Потом он заплакал, по-телячьи тычась ей в груди волглым лбом. Любе стало жалко его.

Одна свадьба только и запомнилась…

Жизнь с Федором оказалась сплошной мукой. Как ни странно, в этом снедаемом болезнью человеке, которому Люба была послана самим богом, открылась, может, еще более страшная рана - его ревность к Якову. А возможно, болезнь и была тому причиной: больной человек почти всегда враждебен здоровому. До самой смерти не мог простить ей Федор Якова, и Люба терпела дикие сцены, едва ли не в самом деле сознавая свой "грех". И все-таки надо было жить…

В первую голову решили хату обустроить. От старой, по сути дела, остались одни стены. Они были укреплены по углам и фундаменту кирпичной кладкой, оштукатурены "под доску". Все остальное соорудили внове: крышу покрыли жестью, настелили деревянный пол, покрасили ясной охрой; вместо слепых окон заблистали большие светлые рамы.

Вдвоем Люба с Федором ничего бы не осилили, строили "миром", как издавна ведется на православной земле, а жесть, кирпич и прочее добывал Игнат: Любу он почитал одной из лучших тружениц, такие, как она, были его надеждой. Игнат верно прикидывал: будет у человека добрый дом - не уйдет из села. Хату стало не узнать, а при Любиной почти болезненной любви к чистоте в нее было и входить страшновато - так блестел пол, белела печь, играли вышивкой, крахмально коробились рушники по стенам. Люба как бы шутя управлялась и дома, и на ферме…

А тут новая, все затмившая радость - ожидание младенца. Люба ходила в сладком тумане материнства, и сквозь него брезжила счастливая даль. Все теперь в доме было привязано к нему, к сыночку, - и Люба и Федор хотели сына, по крестьянской натуре желая видеть на подворье хозяина и помощника.

Решили завести корову - опять-таки продиктовал нетерпеливо перебирающий ножонками, сладко замирающий в Любе сыночек: от парного молока быстро пойдет в рост.

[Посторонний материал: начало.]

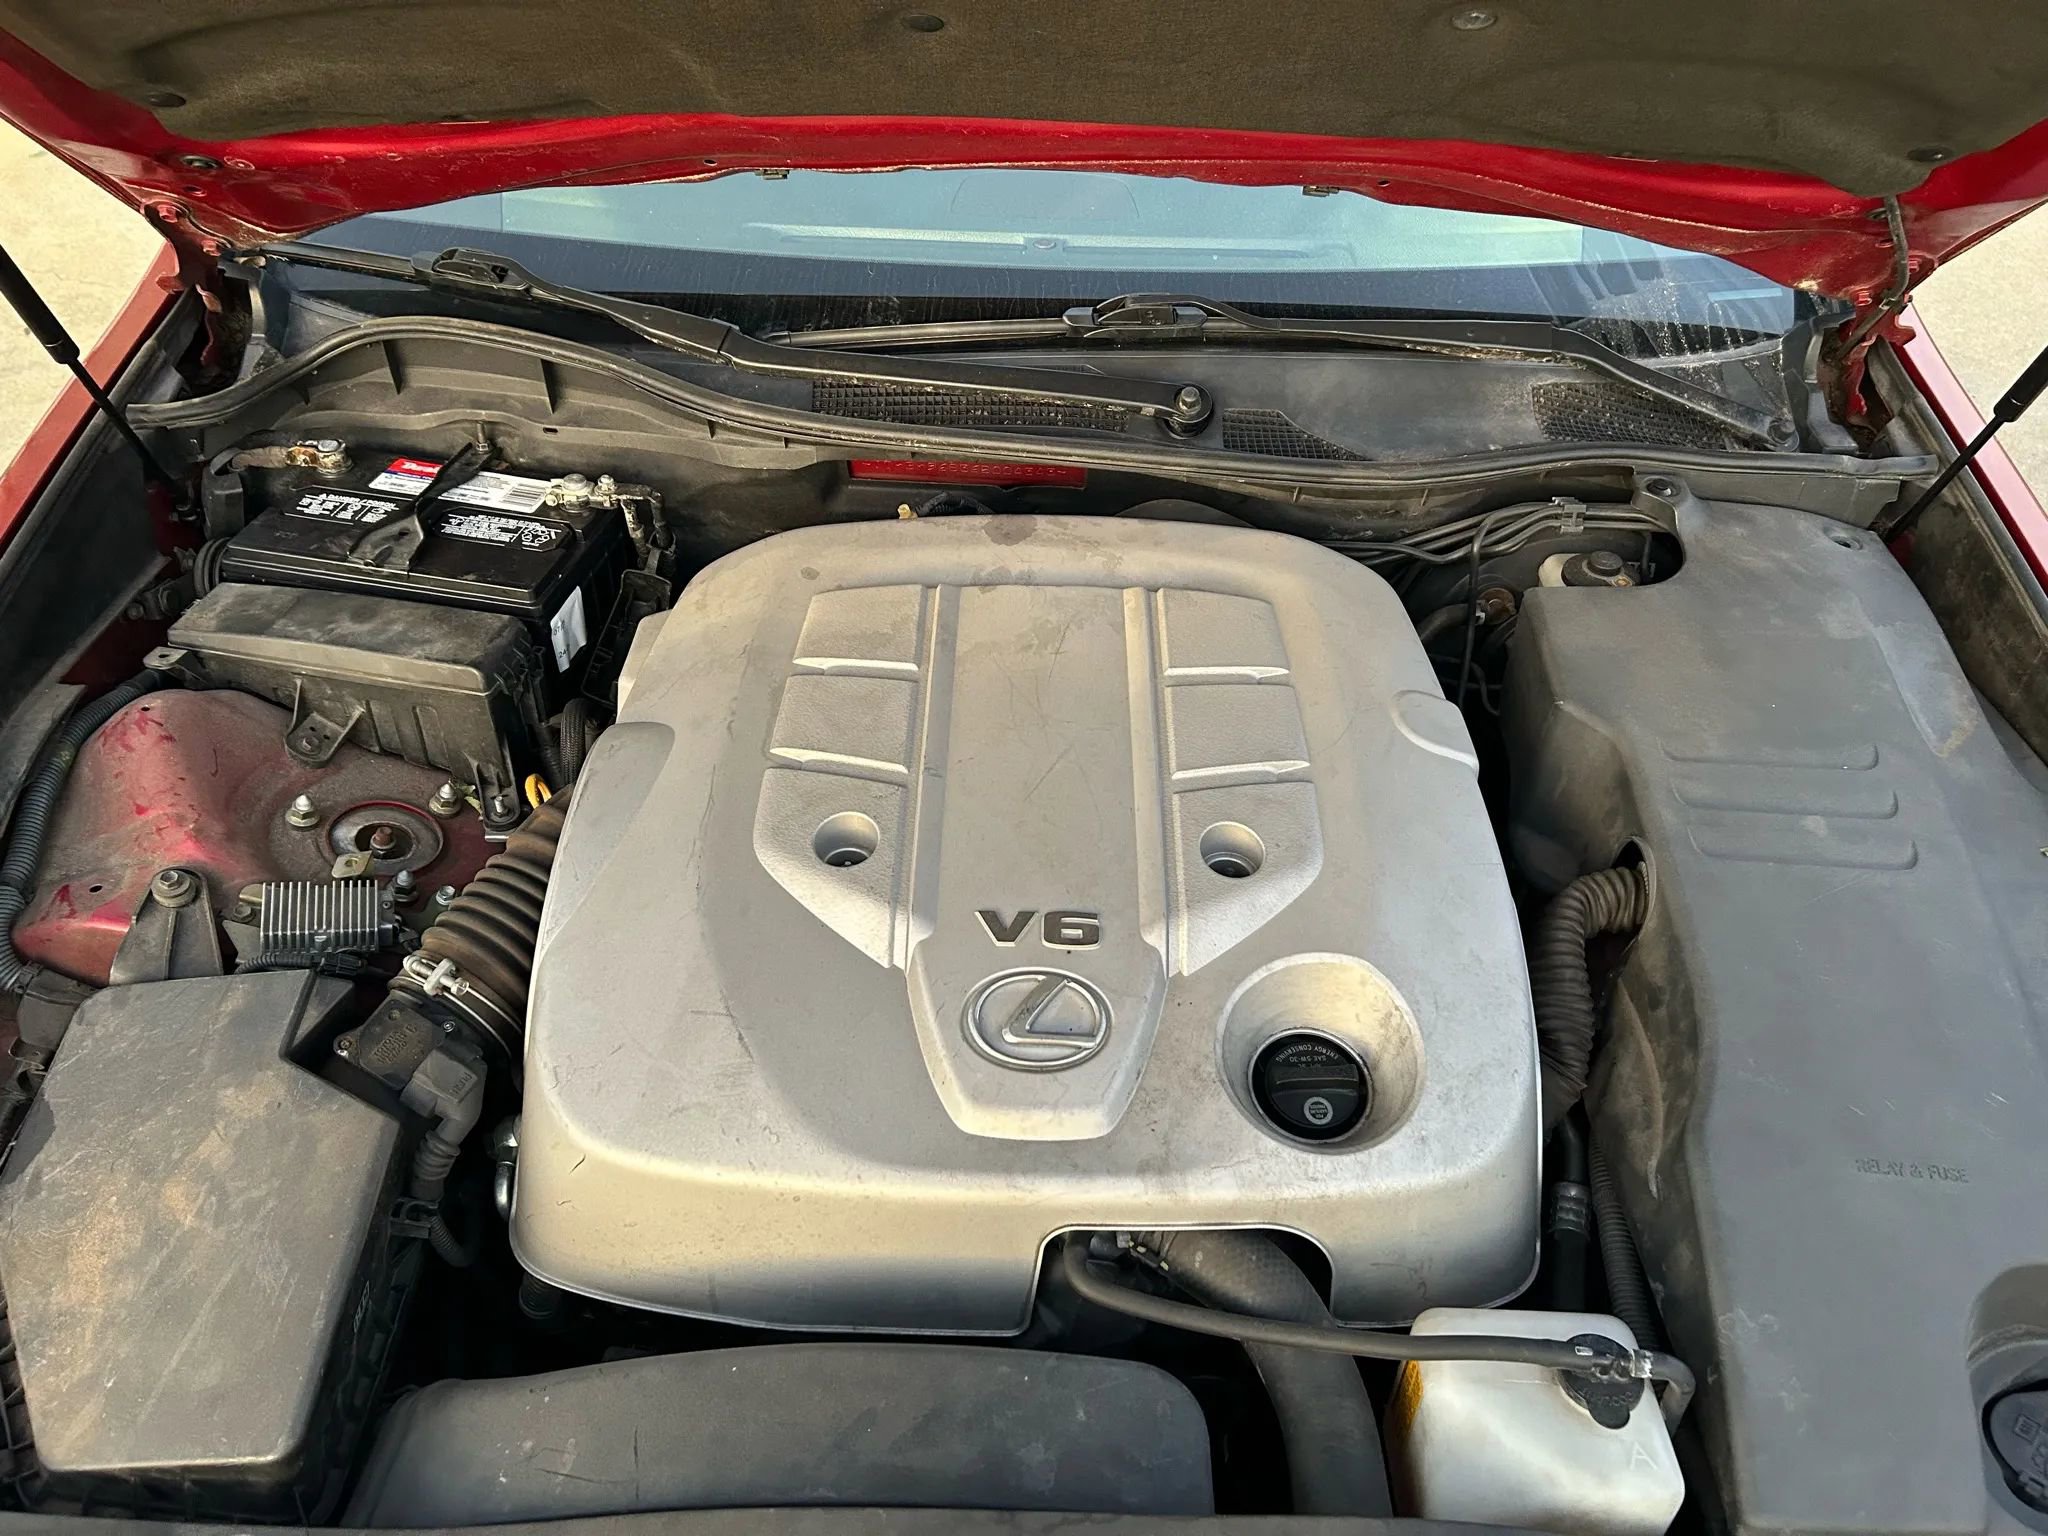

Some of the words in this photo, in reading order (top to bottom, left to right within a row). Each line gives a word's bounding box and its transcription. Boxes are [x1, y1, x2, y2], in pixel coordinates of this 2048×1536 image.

[974, 910, 1101, 950] V6
[1275, 1044, 1312, 1063] CONSERVING
[1289, 1055, 1312, 1063] 5W-30
[1313, 1045, 1339, 1060] ENERGY
[1313, 1055, 1327, 1063] SAE
[1855, 1157, 1904, 1178] RELAY
[1928, 1164, 1969, 1184] FUSE

Осенью, в ветреный, влажный день, попросив у Игната подводу, поехали по черной, тугой, как резина, дороге в Глухов, на базар. Выехали в ночь. Слабый ветерок пахну́л обвялой, измокшей полынью, от лошади потянуло потом, сыромятной кожей сбруи, кобыла весело всхрапывала, и простор, ожидание властвовали над душой Любы, предвещая счастливую новь. На базаре сумеречное от низкого неба утро потонуло в разноголосом гомоне: в мычании коров, режущем визге поросят, в осмотрительной, полной тайного вожделения сутолоке купли-продажи, и, потерянная, оглушенная непривычным занятием, Люба ходила за Федором от коровы к корове, до смерти боясь "прогадать" или, того хуже, "влипнуть" - деньги собирали по рублю: от Федоровой инвалидной пенсии, от Любиных сбережений, да еще попросили ссуду в колхозе. Все время Люба ощущала под плюшевой жакеткой, под кофтой на груди завернутую в ситцевую косынку пачку, сама не зная, как расстаться с нею. Следуя за Федором, одетым в поношенную, издырявленную шинель, медленно кружившим по базару с видом обстоятельного хозяина, Люба зорко оглядывала коров.